Saved data entries
——————

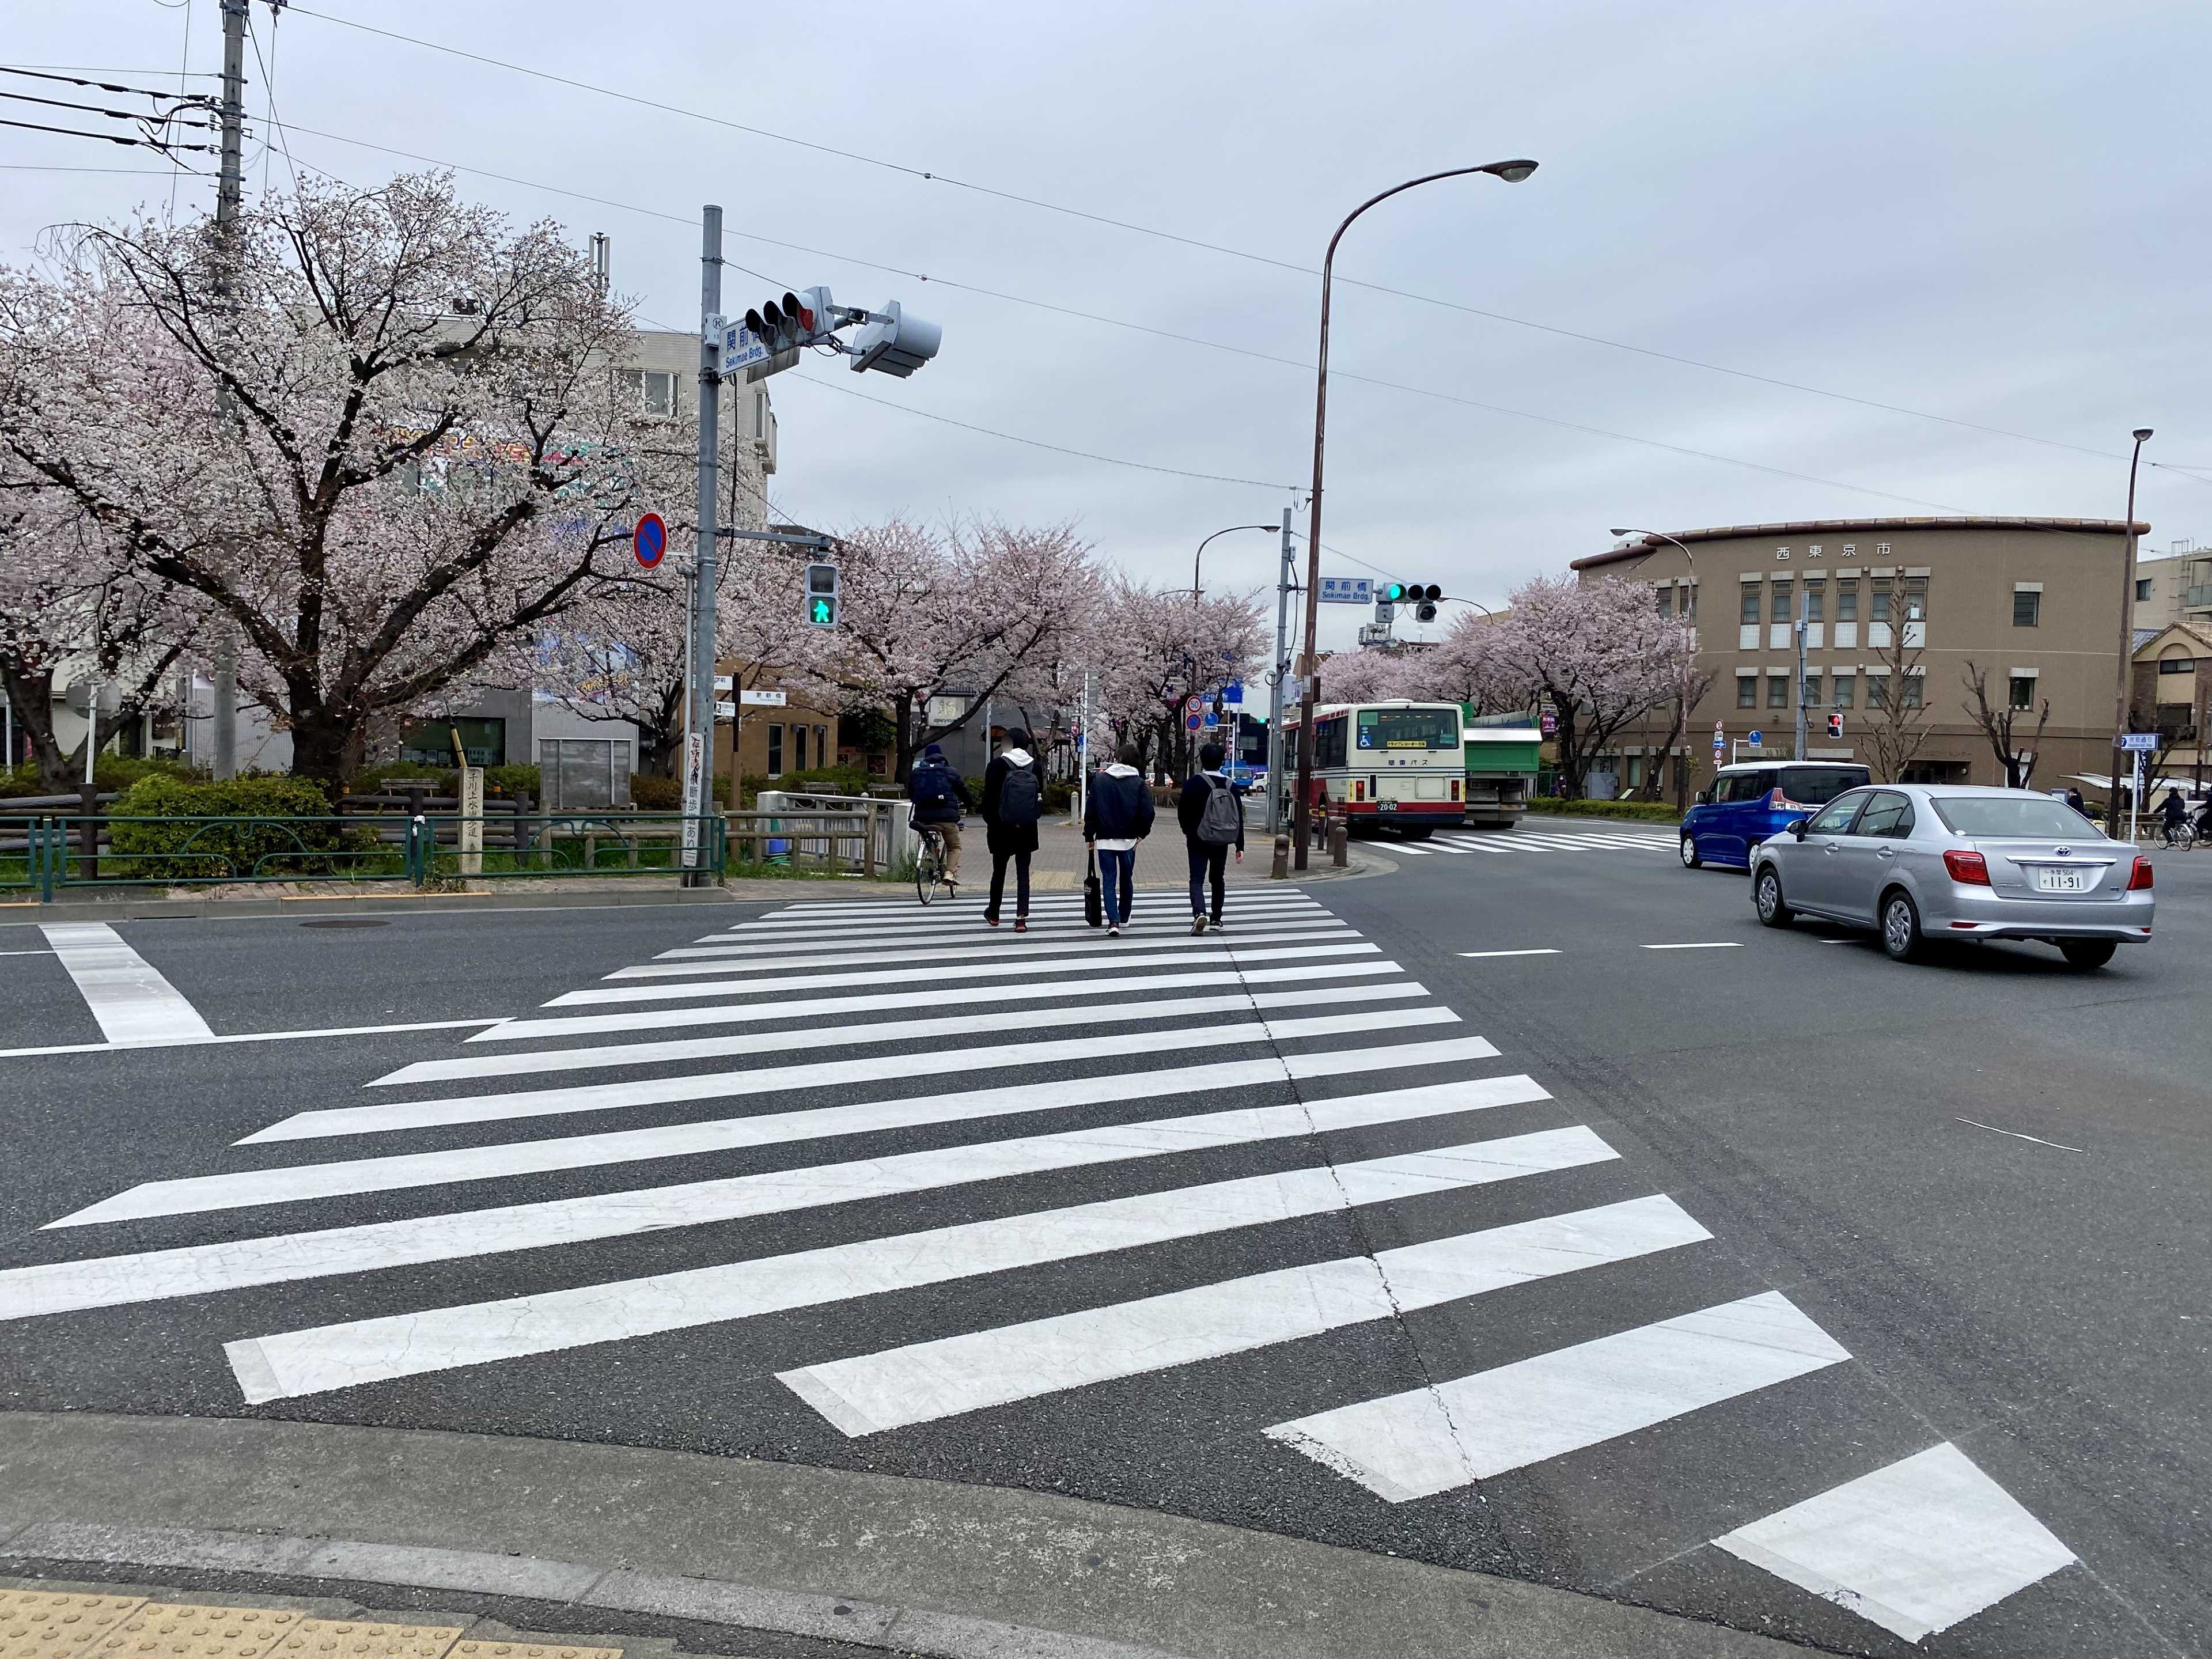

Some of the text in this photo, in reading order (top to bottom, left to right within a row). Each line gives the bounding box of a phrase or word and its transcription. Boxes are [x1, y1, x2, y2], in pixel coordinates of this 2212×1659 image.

[726, 346, 763, 369] Sekimae Brdg.
[1777, 541, 1891, 560] 西東京市
[1325, 581, 1366, 592] 関前橋
[1353, 592, 1369, 601] Brdg.
[2051, 876, 2080, 888] 11-91

——————

▸ **Task to complete**: All the lines above must be written out exactly, without a single picture.

▸ **Written answer**:
Some of the text in this photo, in reading order (top to bottom, left to right within a row). Each line gives the bounding box of a phrase or word and its transcription. Boxes are [x1, y1, x2, y2], in pixel coordinates of this 2212×1659 image.

[726, 346, 763, 369] Sekimae Brdg.
[1777, 541, 1891, 560] 西東京市
[1325, 581, 1366, 592] 関前橋
[1353, 592, 1369, 601] Brdg.
[2051, 876, 2080, 888] 11-91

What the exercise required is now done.